• _EXERCISE PROMPT_:
Give all the lines below again, exactly, with no pictures.

● ● ● ● ●

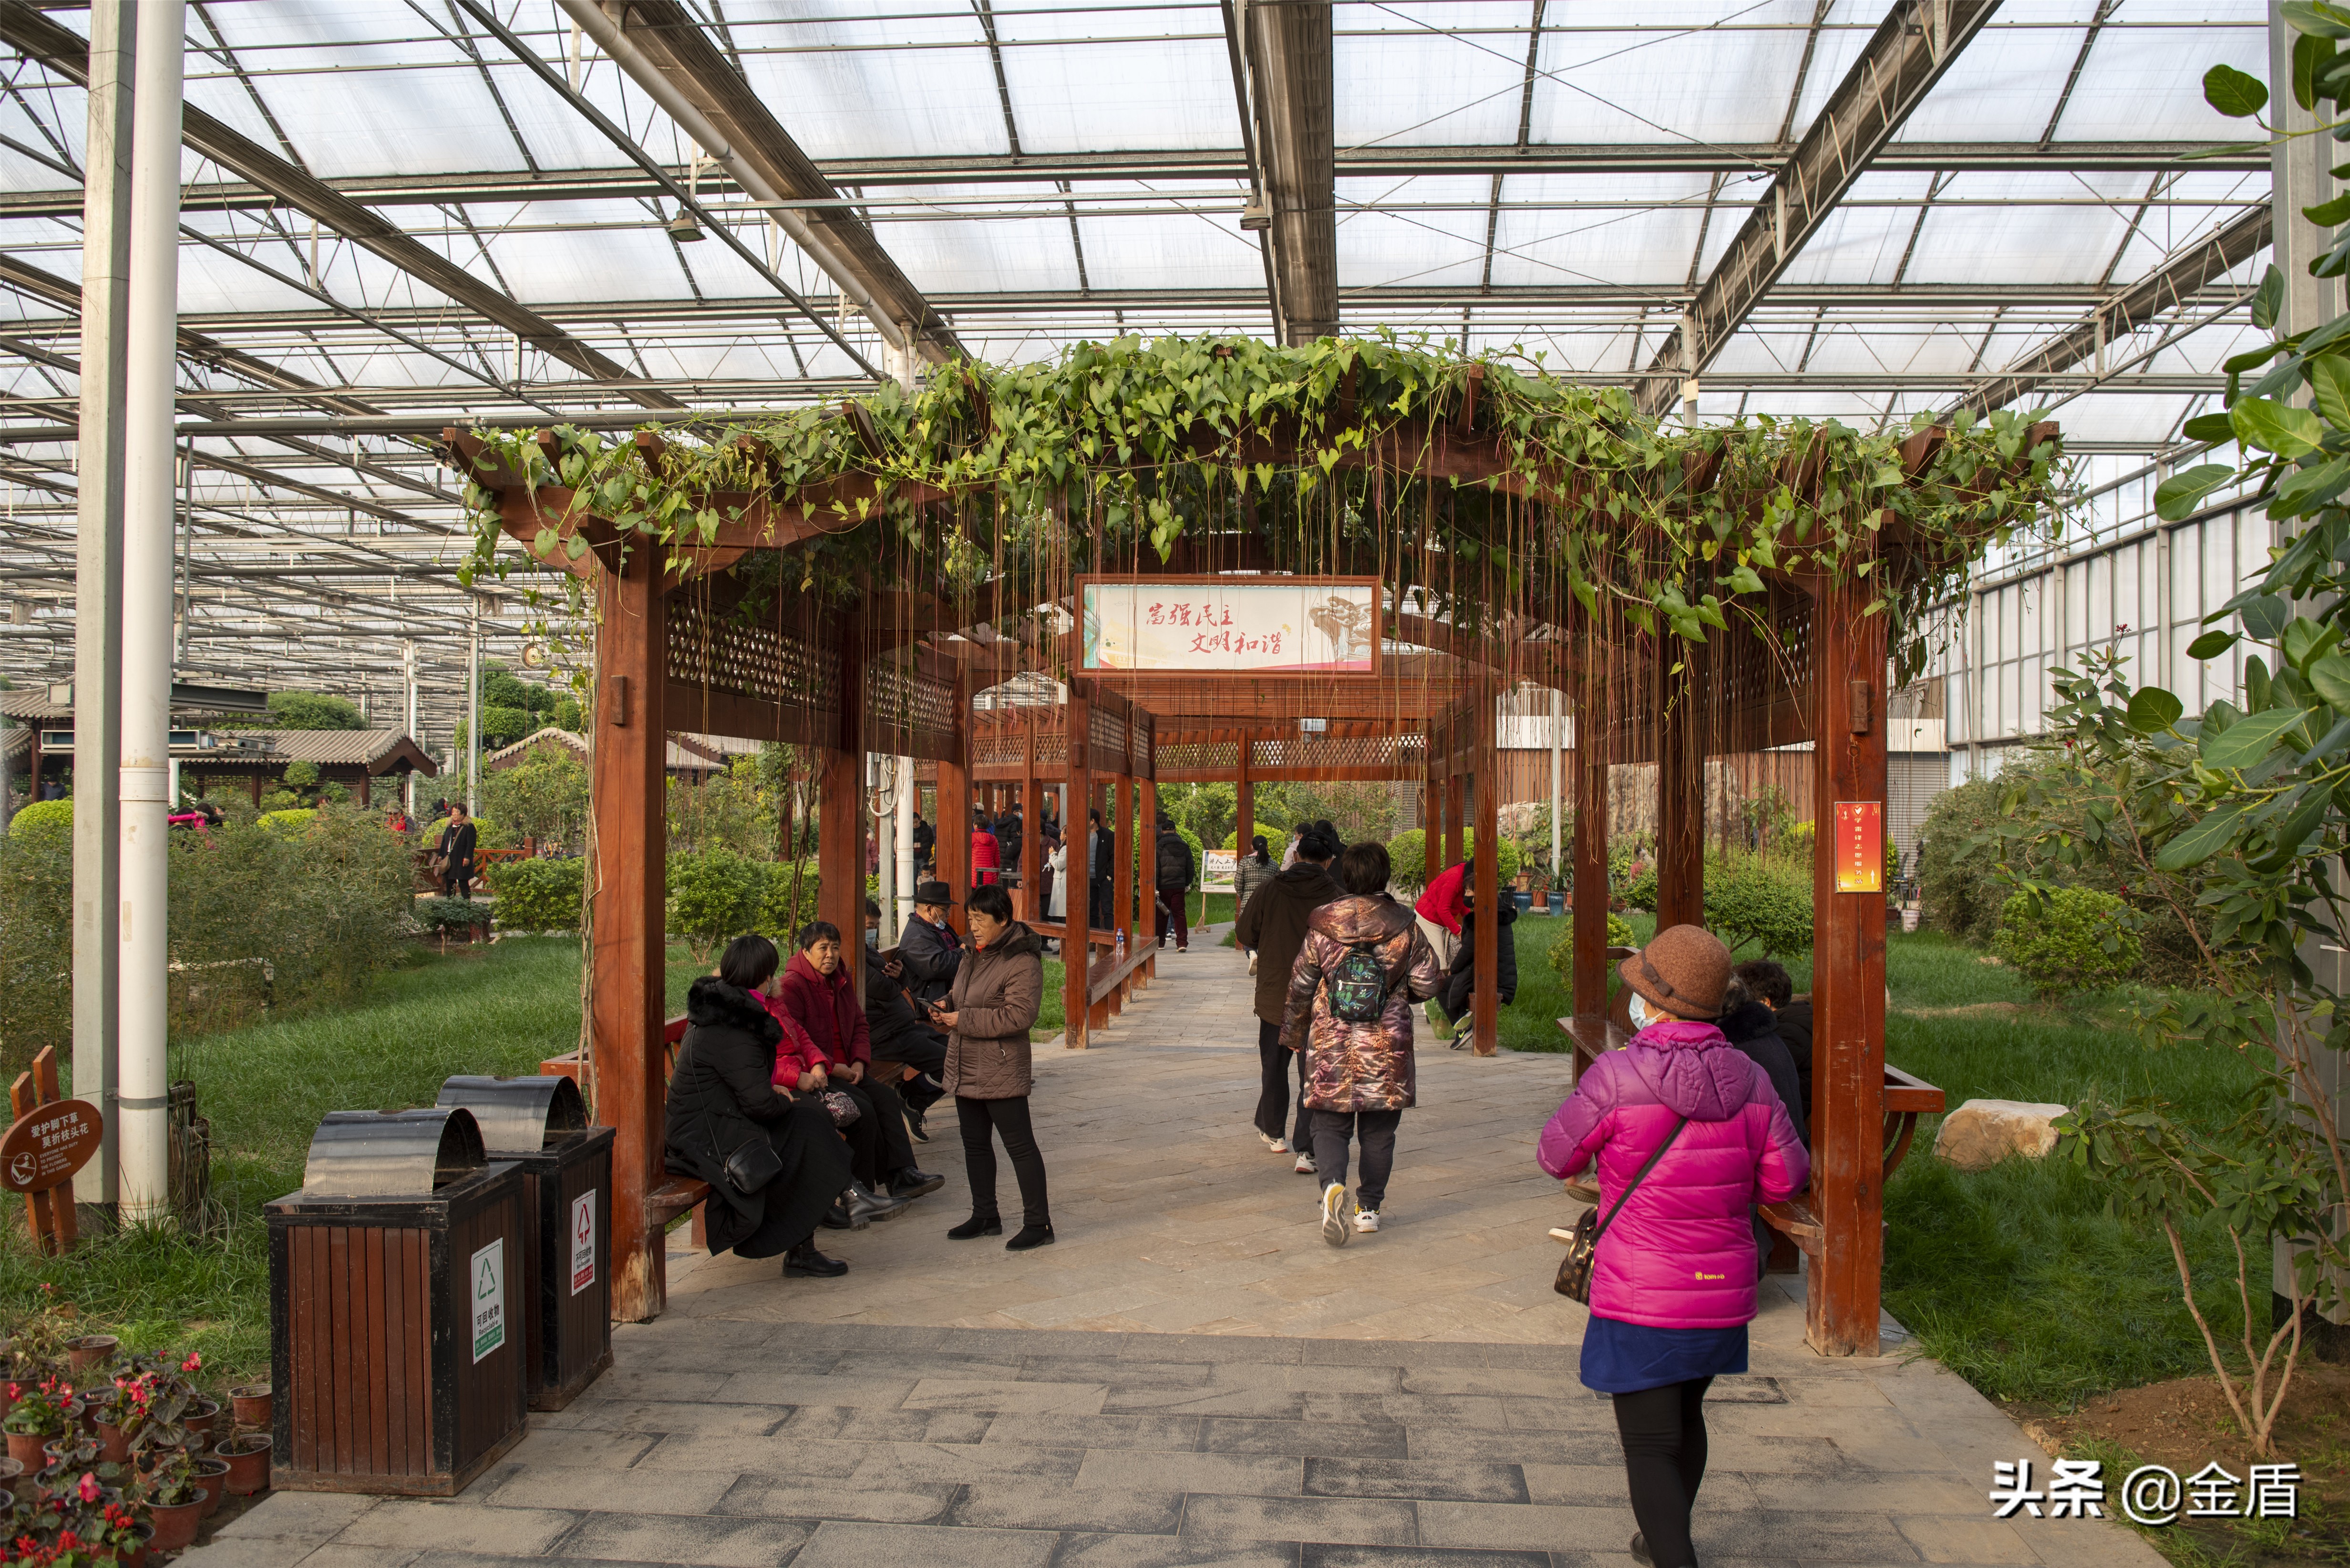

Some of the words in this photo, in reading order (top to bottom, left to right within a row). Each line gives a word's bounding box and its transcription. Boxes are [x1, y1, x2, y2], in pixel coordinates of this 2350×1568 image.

[1146, 602, 1234, 626] 富强民主
[1188, 630, 1282, 654] 文明和谐
[1854, 817, 1863, 884] 学雷锋志愿服务站
[31, 1112, 79, 1138] 爱护脚下草
[42, 1123, 89, 1148] 莫折枝头花
[40, 1148, 59, 1158] EVERYONE
[47, 1153, 63, 1162] PROTECT
[50, 1157, 67, 1166] FLOWERS
[56, 1162, 72, 1170] GARDEN
[576, 1246, 592, 1263] 不可回收物
[476, 1303, 500, 1327] 可回收物
[478, 1319, 498, 1336] Recyclable
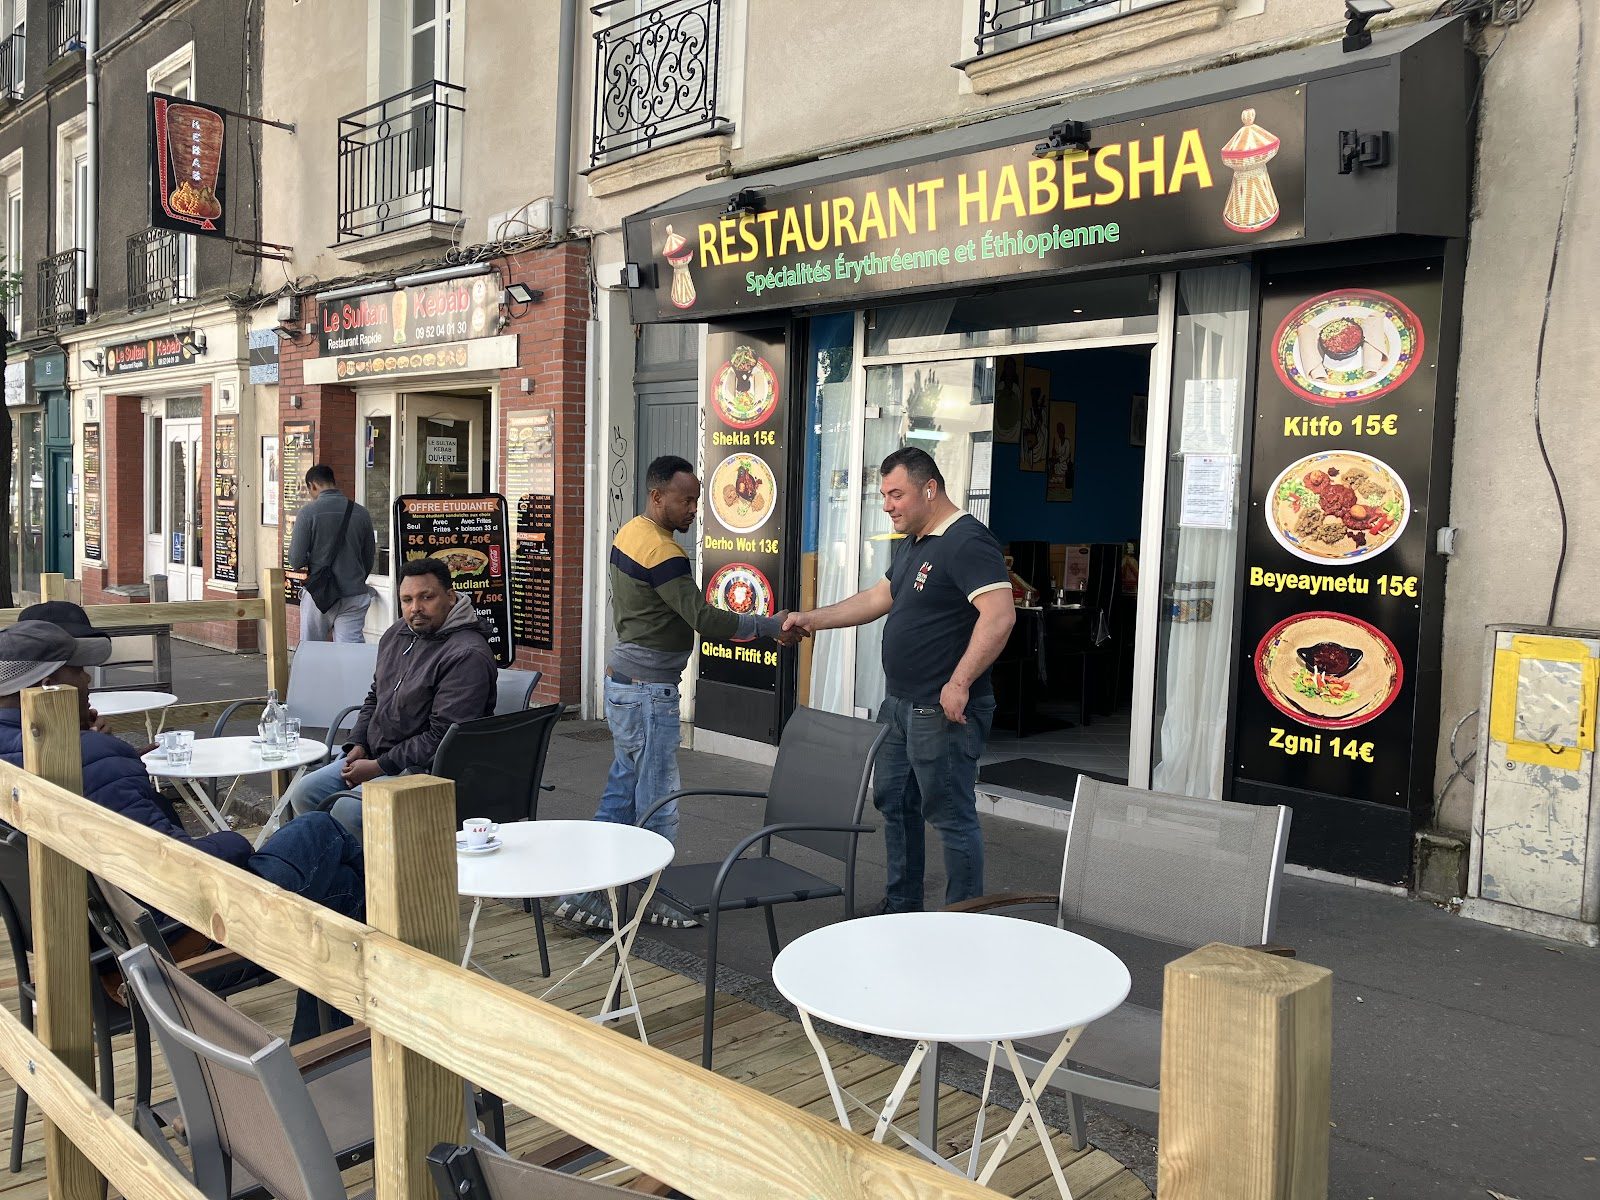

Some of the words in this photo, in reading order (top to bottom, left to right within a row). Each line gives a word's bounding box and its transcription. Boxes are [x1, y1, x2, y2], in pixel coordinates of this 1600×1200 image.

● ● ● ● ●

• _ANSWER TO THE PROBLEM_:
Some of the words in this photo, in reading order (top to bottom, left to right within a row). Each line gives a word's bounding box and its transcription. Boxes are [x1, y1, x2, y2], in pixel coordinates of this 2350×1568 image.

[1146, 602, 1234, 626] 富强民主
[1188, 630, 1282, 654] 文明和谐
[1854, 817, 1863, 884] 学雷锋志愿服务站
[31, 1112, 79, 1138] 爱护脚下草
[42, 1123, 89, 1148] 莫折枝头花
[40, 1148, 59, 1158] EVERYONE
[47, 1153, 63, 1162] PROTECT
[50, 1157, 67, 1166] FLOWERS
[56, 1162, 72, 1170] GARDEN
[576, 1246, 592, 1263] 不可回收物
[476, 1303, 500, 1327] 可回收物
[478, 1319, 498, 1336] Recyclable

Some of the words in this photo, in reading order (top to bottom, left to right within a row). Each line gives a word's bounding box and its transcription. Boxes are [x1, y1, x2, y2], in pixel coordinates of this 1600×1200 image.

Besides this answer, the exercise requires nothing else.